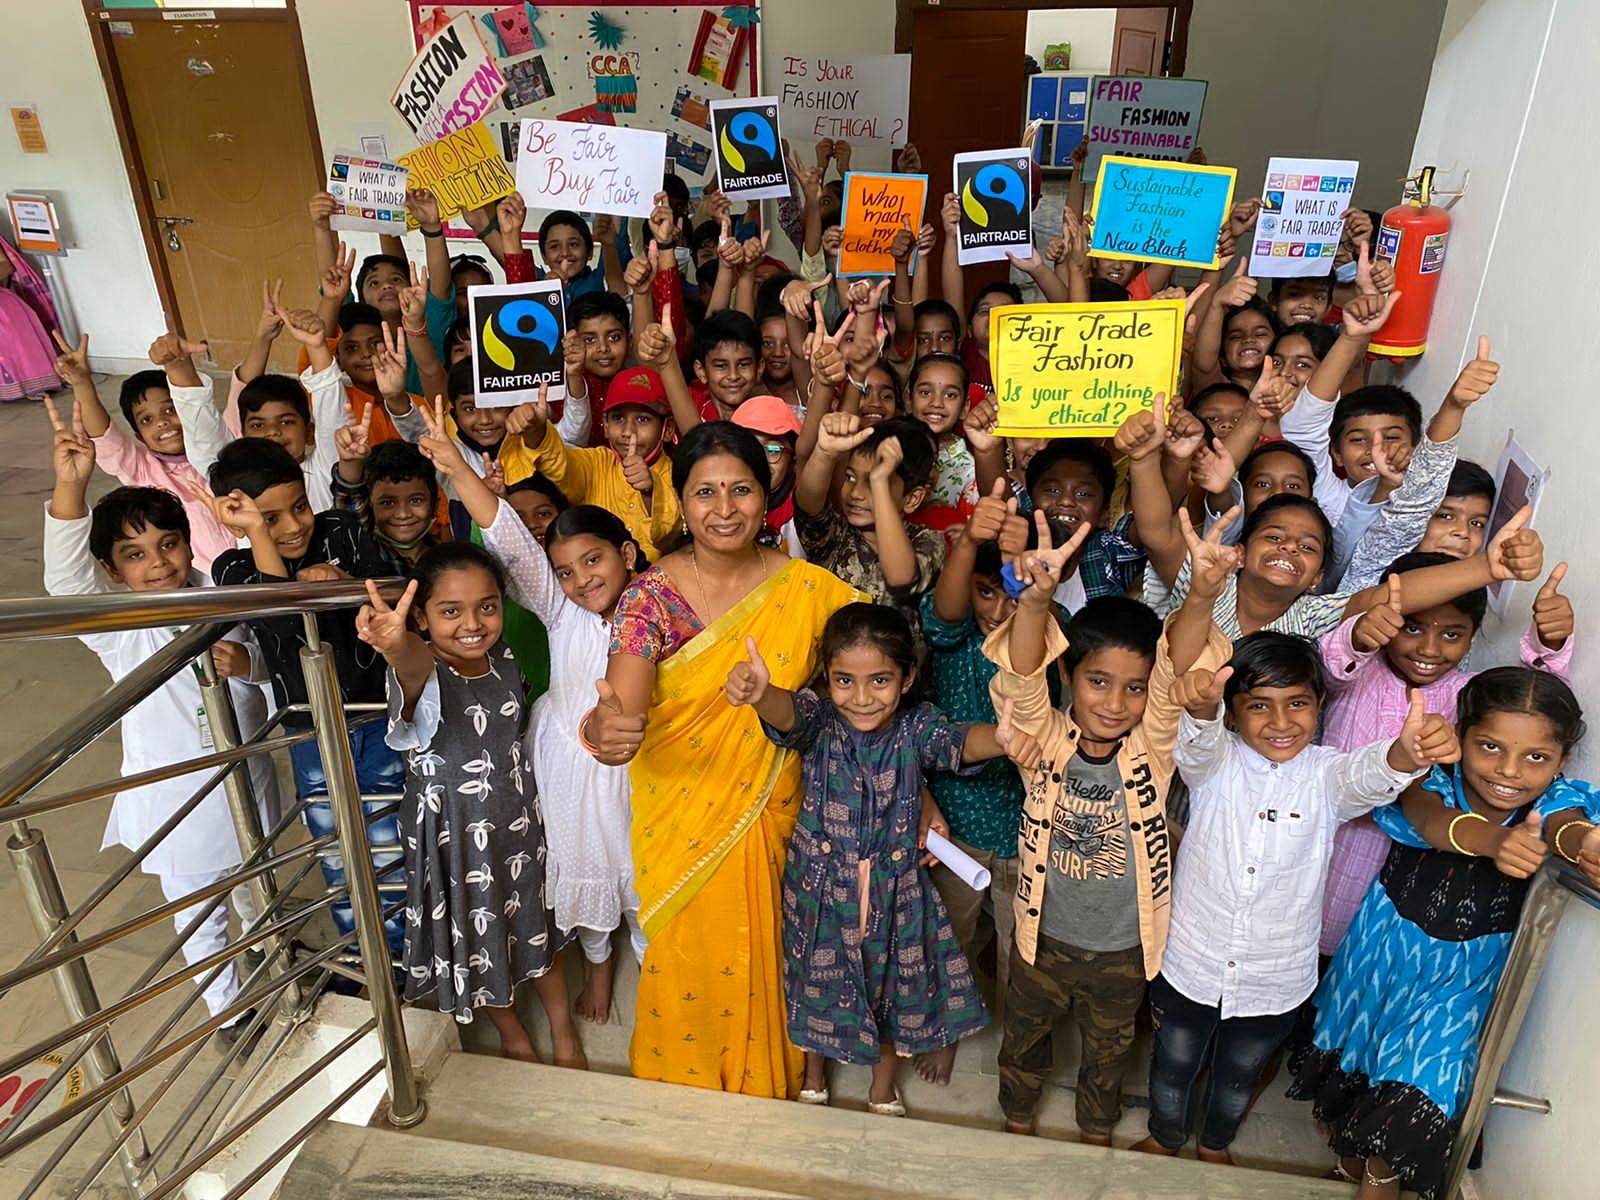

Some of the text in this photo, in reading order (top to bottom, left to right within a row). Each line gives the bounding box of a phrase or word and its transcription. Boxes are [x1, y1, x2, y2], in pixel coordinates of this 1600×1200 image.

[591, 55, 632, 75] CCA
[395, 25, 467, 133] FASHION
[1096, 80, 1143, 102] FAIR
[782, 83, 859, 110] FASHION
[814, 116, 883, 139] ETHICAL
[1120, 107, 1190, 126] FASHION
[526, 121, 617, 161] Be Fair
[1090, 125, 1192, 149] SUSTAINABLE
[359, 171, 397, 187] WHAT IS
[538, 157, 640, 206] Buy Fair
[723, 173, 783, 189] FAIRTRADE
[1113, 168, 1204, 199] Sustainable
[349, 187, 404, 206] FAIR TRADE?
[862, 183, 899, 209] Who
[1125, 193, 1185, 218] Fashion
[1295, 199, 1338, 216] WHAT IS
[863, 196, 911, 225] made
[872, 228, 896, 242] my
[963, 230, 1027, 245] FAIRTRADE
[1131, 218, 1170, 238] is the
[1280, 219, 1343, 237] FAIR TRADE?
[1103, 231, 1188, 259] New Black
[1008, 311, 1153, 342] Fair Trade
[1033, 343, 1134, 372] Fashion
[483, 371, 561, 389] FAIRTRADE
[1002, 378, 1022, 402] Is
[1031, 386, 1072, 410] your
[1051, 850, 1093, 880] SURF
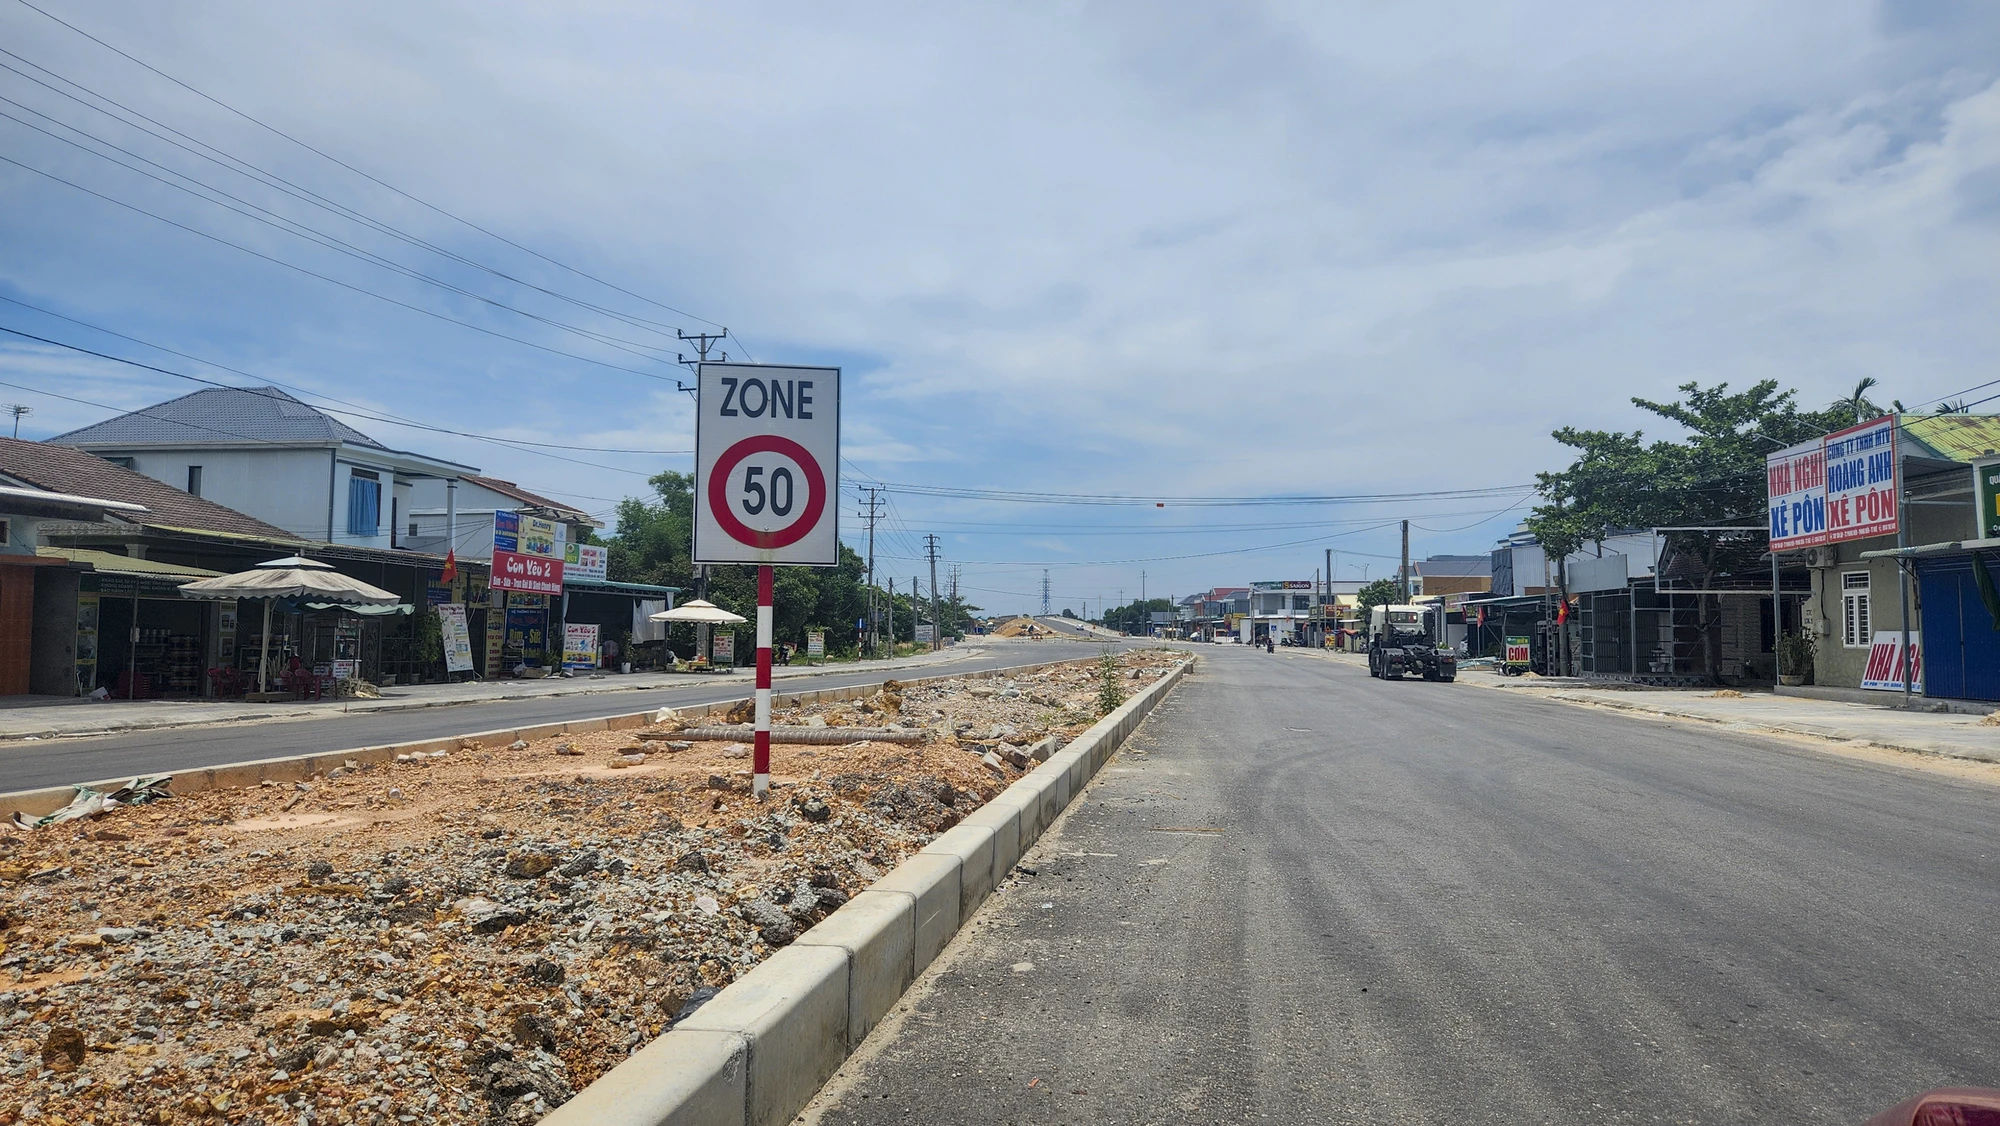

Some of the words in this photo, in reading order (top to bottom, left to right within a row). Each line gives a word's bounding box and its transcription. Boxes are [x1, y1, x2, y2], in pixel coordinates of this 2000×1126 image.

> [DESCRIPTION OF THE TASK] Copy out the material word for word, without any images.

> [TASK RESULT]
Some of the text in this photo, in reading order (top to bottom, left to right within a row). Each line gives the bounding box of a phrase or word and its transcription. Boxes are [x1, y1, x2, y2], in pixel coordinates of this 1600×1200 image.

[591, 55, 632, 75] CCA
[395, 25, 467, 133] FASHION
[1096, 80, 1143, 102] FAIR
[782, 83, 859, 110] FASHION
[814, 116, 883, 139] ETHICAL
[1120, 107, 1190, 126] FASHION
[526, 121, 617, 161] Be Fair
[1090, 125, 1192, 149] SUSTAINABLE
[359, 171, 397, 187] WHAT IS
[538, 157, 640, 206] Buy Fair
[723, 173, 783, 189] FAIRTRADE
[1113, 168, 1204, 199] Sustainable
[349, 187, 404, 206] FAIR TRADE?
[862, 183, 899, 209] Who
[1125, 193, 1185, 218] Fashion
[1295, 199, 1338, 216] WHAT IS
[863, 196, 911, 225] made
[872, 228, 896, 242] my
[963, 230, 1027, 245] FAIRTRADE
[1131, 218, 1170, 238] is the
[1280, 219, 1343, 237] FAIR TRADE?
[1103, 231, 1188, 259] New Black
[1008, 311, 1153, 342] Fair Trade
[1033, 343, 1134, 372] Fashion
[483, 371, 561, 389] FAIRTRADE
[1002, 378, 1022, 402] Is
[1031, 386, 1072, 410] your
[1051, 850, 1093, 880] SURF

Some of the words in this photo, in reading order (top to bottom, left to right within a row). Each line gives a word's bounding box and its transcription. Boxes are [x1, y1, x2, y2], in pixel coordinates of this 2000×1126 image.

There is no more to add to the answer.